[78-L] Dragnet Xmas Album (Was: Re: Rochester)

David Breneman david_breneman at yahoo.com
Sun May 27 09:03:19 PDT 2012


 From: Michael Biel <mbiel at mbiel.com>

(Cut to the summary)


> If you look
> at the beginning weeks of NTSC color you would not see it developing any
> faster as far as programs, stations, and sets made and sold.  How was it
> faring in Feb 1954???

The owners of existing B&W sets didn't care how is was faring
because they didn't have to.  They could receive broadcasts on
their existing sets without modification.  To modify an NTSC_1
set to display a CBS color signal may have required only about
$5 in parts (in 1950 dollars) but it also required the cost of
assembling those parts and performing modifications to the
set's sweep circuits which resulted in a duplication of that 
part of the chassis, and frequently required an additional
"set top box" to contain the new circuitry.

> The existing CBS color wheel sets show them to be
> not all that much more cumbersome but much less complicated as some of
> the first NTSC sets.

They had small screens.  Certainly you've seen DuMont's
demonstration set that required something like a 6 foot
diameter filter wheel to display a 25" picture.  The
drum-type sets were more compact, but they still took
up a lot of real estate in a living room compared to the
size of picture they delivered.

> DuMont was trying to push his giant 30-inch set
> which is why he wanted high-def, but that would have required a similar
> modification to all the sets on the market and in the home much like the
> CBS color system -- and the move up to color was much more exciting than
> the move to hi-def would have been.  

But what a lot of people lose sight of is that it wasn't just
Evil Sarnoff vs.
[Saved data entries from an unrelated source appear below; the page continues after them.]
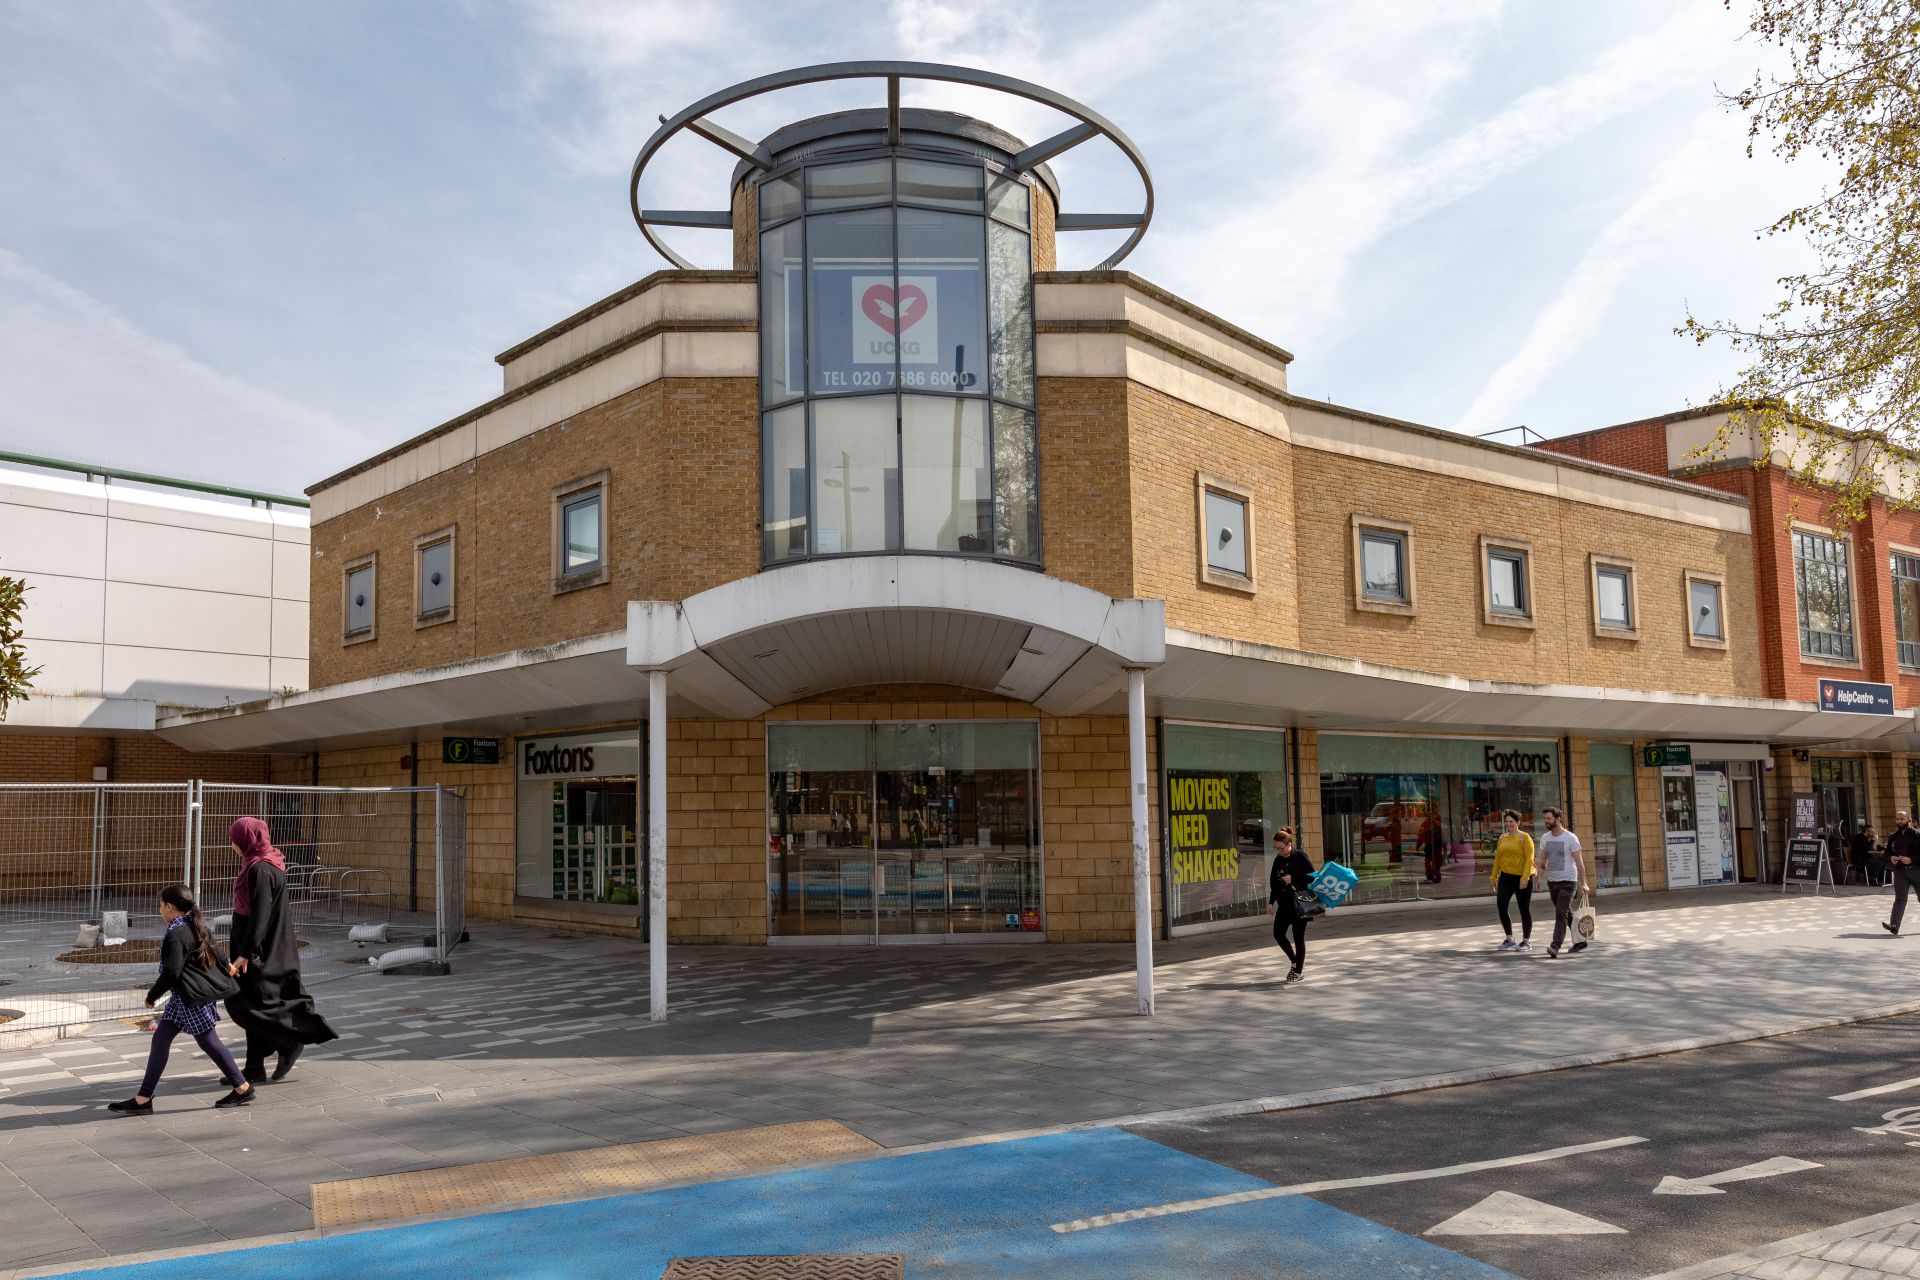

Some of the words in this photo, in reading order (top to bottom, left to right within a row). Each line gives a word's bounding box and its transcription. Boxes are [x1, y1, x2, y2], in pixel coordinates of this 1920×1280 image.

[823, 371, 848, 386] TEL
[852, 371, 882, 386] 020
[930, 371, 969, 386] 6000
[1838, 690, 1874, 705] HelpCentre
[473, 739, 497, 747] Foxtons
[524, 742, 594, 775] Foxtons
[1485, 746, 1551, 773] Foxtons
[1170, 777, 1231, 811] MOVERS
[1796, 806, 1814, 815] REALLY
[1171, 814, 1209, 848] NEED
[1173, 848, 1239, 885] SHAKERS
Munificent Someone Else.  There were a lot of
companies jockeying for advantage, including one of the largest,
Zenith, which was cool to the whole idea of television since is
threatened their lead in the radio market, and were dead-set against
color.  NTSC-2 color took a long time to take off, much to RCA's
dismay, precisely because it gave the customer the ability to decide
when and where he was going to adopt it.  The CBS system was a
"convert or die" approach, and we haven't even discussed the
fairly low resolution of that system required to get the frame
rate up to reduce flicker and color-ghosting on rapidly
moving objects.  (Those image problems would have become much
more obvious when all-electronic home display systems became
available in the later 1950s.)  The US may have had to re-engineer
its TV standards by the late 60s or early 70s much as Europe did
with the introduction of PAL, and we'd now be on our third, rather
than second, system-wide round of forced obsolescence.